The critical point that often gets missed is that you don’t get a long term care plan now because you might need it anytime soon. You get a plan now because the odds are overwhelming that you will need one eventually (the federal government estimates that at least 70 percent of people over age 65 will require some long term care services). And at some point, you might not be able to qualify for any long term plan policy, which could  be catastrophic not only for the spouse who needs care, but  the one who’s left behind at home, struggling with the family’s financial resources diminished, or gone. Many large insurance carriers, like Prudential and MetLife, have already backed out of the long term care this business, which indicates how consumer-friendly the plans were. Too good to last apparently…
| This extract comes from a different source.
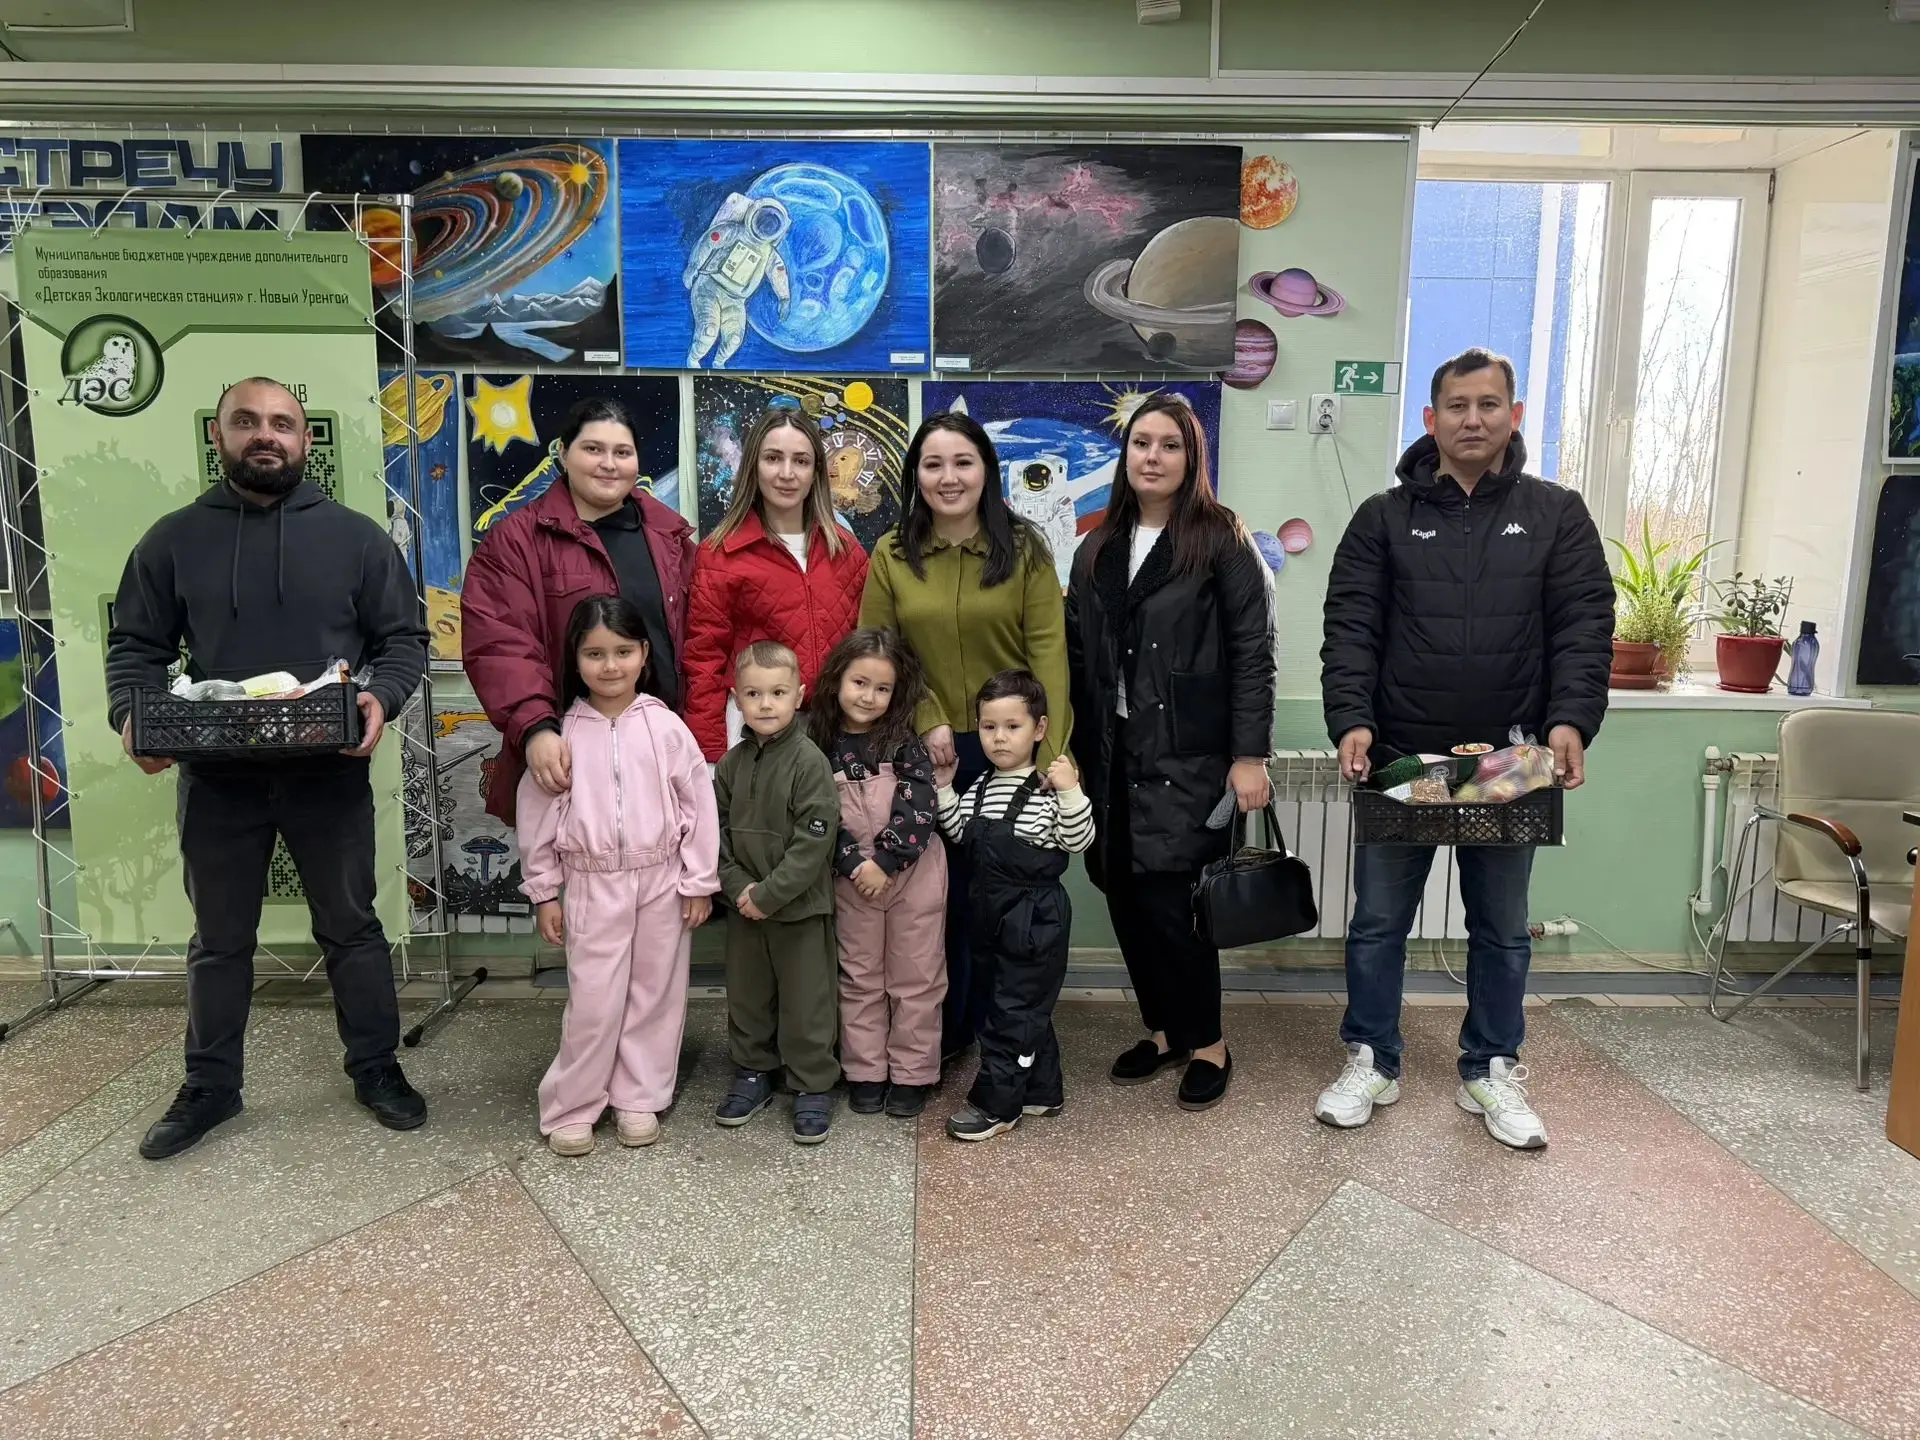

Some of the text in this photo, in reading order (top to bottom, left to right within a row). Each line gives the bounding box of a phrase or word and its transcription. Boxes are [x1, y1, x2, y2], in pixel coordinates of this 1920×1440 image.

The companies that still offer long term care policies are likely to scale back the benefits they offer, which is another reason that many financial publications suggest  jumping on these insurance contracts available… now.  They’re contracts—the people who get plans that work in their favor will keep them.

Besides, from a purely financial planning standpoint, it never pays to wait. If you wait 10 years to get a plan and use that plan in the next 10 years, you’ll end up paying twice as much in those 10 years than if you already had one now, and paid for the prior 20 years. Furthermore, your daily benefit will be about two-thirds less than if you purchased a plan 10 years ago and allowed your benefit coverage to grow over that period.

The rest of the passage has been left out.